For instance, financial institutions are often siloed by nature. Commercial lending teams perform in their own environment, wealth management in another. But an autonomous agent can look across departments and separate data stores to identify, for instance, commercial customers who might be good candidates for wealth management or advisory services.

“You think it would be an obvious opportunity, but no one is looking across all the silos,” Kawasaki said. Some banks that have applied agents to this very scenario have seen “benefits of millions of dollars of incremental revenue,” he claimed, without naming specific institutions. 

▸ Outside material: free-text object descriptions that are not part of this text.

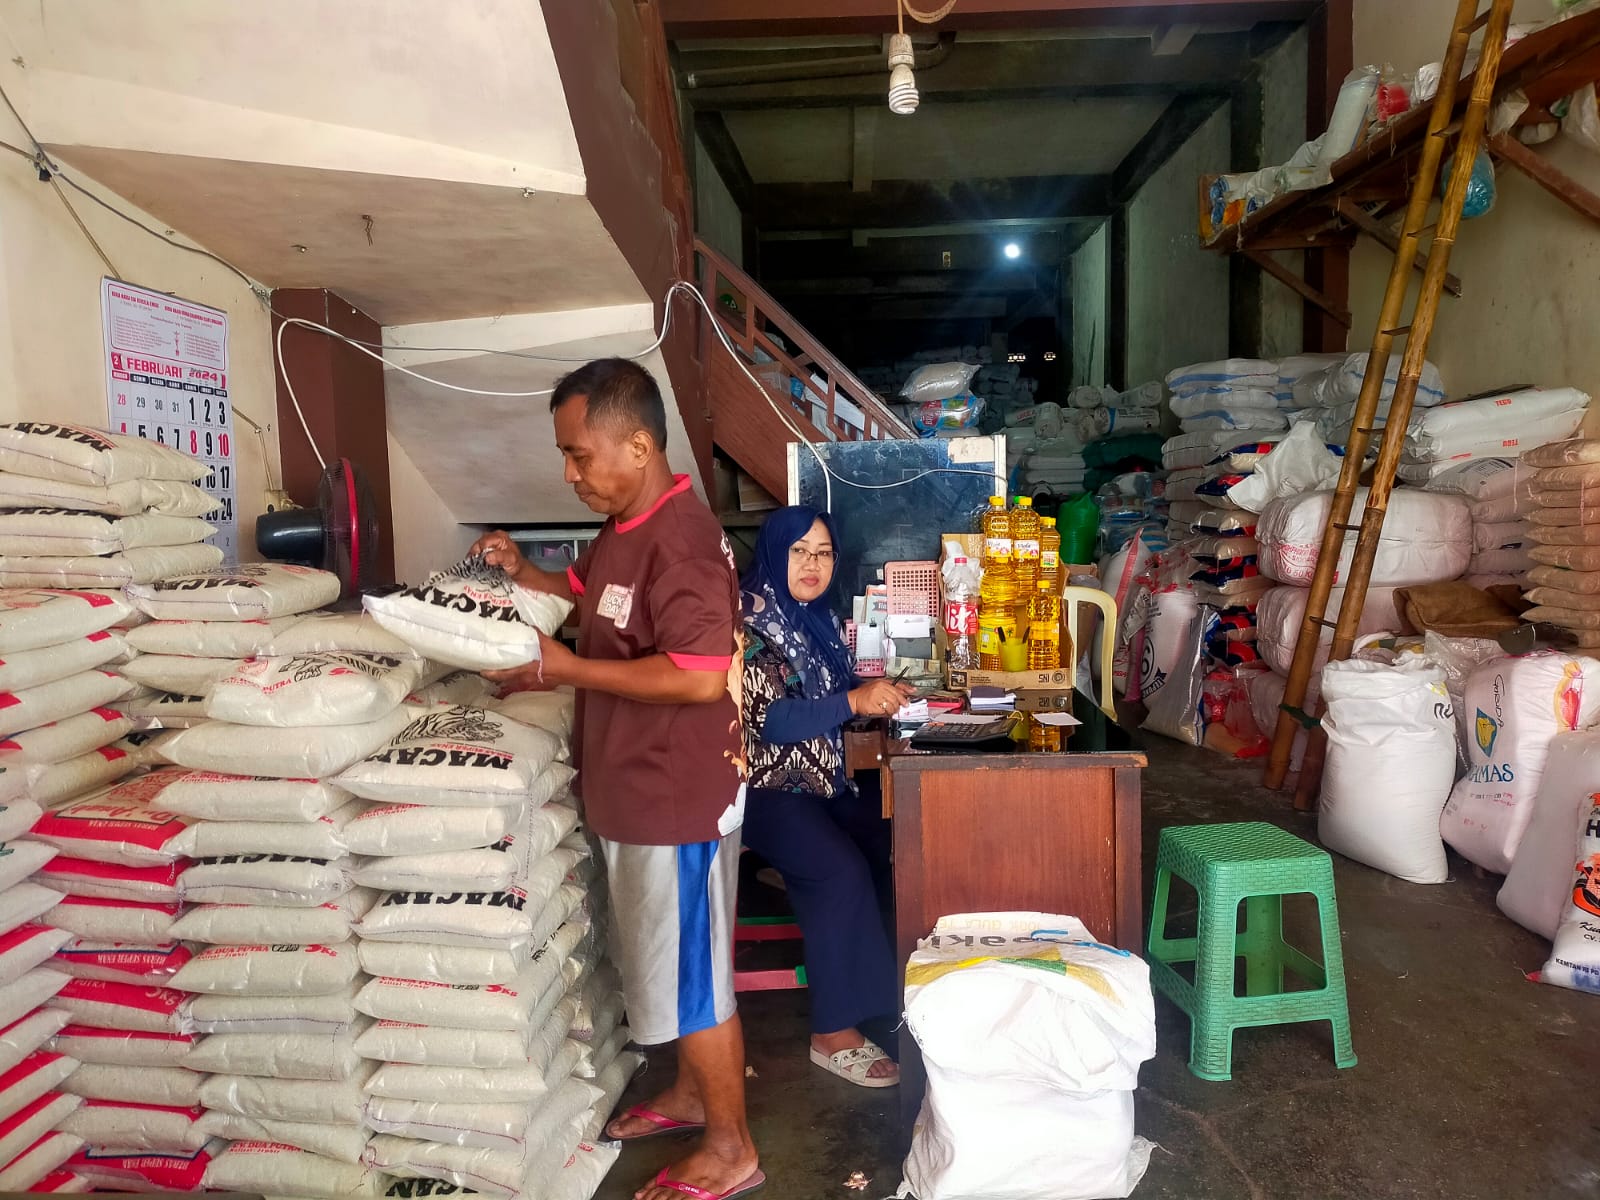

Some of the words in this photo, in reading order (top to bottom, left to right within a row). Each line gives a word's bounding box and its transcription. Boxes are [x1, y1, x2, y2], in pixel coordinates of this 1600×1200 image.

[127, 358, 182, 378] FEBRUARI
[189, 370, 218, 381] 2024
[117, 393, 126, 405] 28
[136, 396, 146, 408] 29
[154, 399, 163, 410] 30
[172, 402, 180, 413] 31
[189, 396, 195, 421] 1
[204, 398, 211, 423] 2
[218, 401, 226, 425] 3
[156, 426, 165, 444] 6
[173, 428, 180, 450] 7
[190, 430, 198, 454] 8
[205, 431, 213, 456] 9
[218, 432, 230, 457] 10
[220, 466, 230, 489] 17
[221, 498, 232, 521] 24

However, in other cases — particularly in regulated industries — longer-context agents are not only preferable, but necessary. For instance, in multi-step tasks like gathering evidence across systems, summarizing, comparing, drafting communications, and producing auditable rationales.

“The agent isn’t giving you a response immediately,” Kawasaki said. “It may take hours, days, to complete full end-to-end tasks.” 

This requires orchestrated agentic execution rather than a “single giant prompt,” he said. This approach breaks work down into deterministic steps to be performed by sub-agents. Memory and context management can be maintained across various steps and time intervals. Grounding with RAG can help keep outputs tied to approved sources, and users have the ability to dictate expansion to file shares and other document repositories.

This model typically doesn’t require custom retraining or a new foundation model. Whatever model enterprises use (GPT, Claude, Gemini), performance improves through prompts, role definitions, controlled tools, workflows, and data grounding, Kawasaki said. 

The feedback loop puts “extra emphasis” on intermediate checkpoints, he said. Humans review intermediate artifacts (such as summaries, extracted facts, or draft recommendations) and correct errors. Those can then be converted into better rules and retrieval sources, narrower tool scopes, and improved templates. 

“What is important for this style of autonomous agent, is you mix the best of both worlds: The dynamic reasoning of AI, with the control and power of true orchestration,” Kawasaki said.

Ultimately, agents require coordinated changes across enterprise architecture, new orchestration frameworks, and explicit access controls, Gogia said. Agents must be assigned identities to restrict their privileges and keep them within bounds. Observability is critical; monitoring tools can record task completion rates, escalation events, system interactions, and error patterns. This kind of evaluation must be a permanent practice, and agents should be tested to see how they react when encountering new scenarios and unusual inputs. 

“The moment an AI system can take action, enterprises have to answer several questions that rarely appear during copilot deployments,” Gogia said. Such as: What systems is the agent allowed to access? What types of actions can it perform without approval? Which activities must always require a human decision? How will every action be recorded and reviewed?

“Those [enterprises] that underestimate the challenge often find themselves stuck in demonstrations that look impressive but cannot survive real operational complexity,” Gogia said.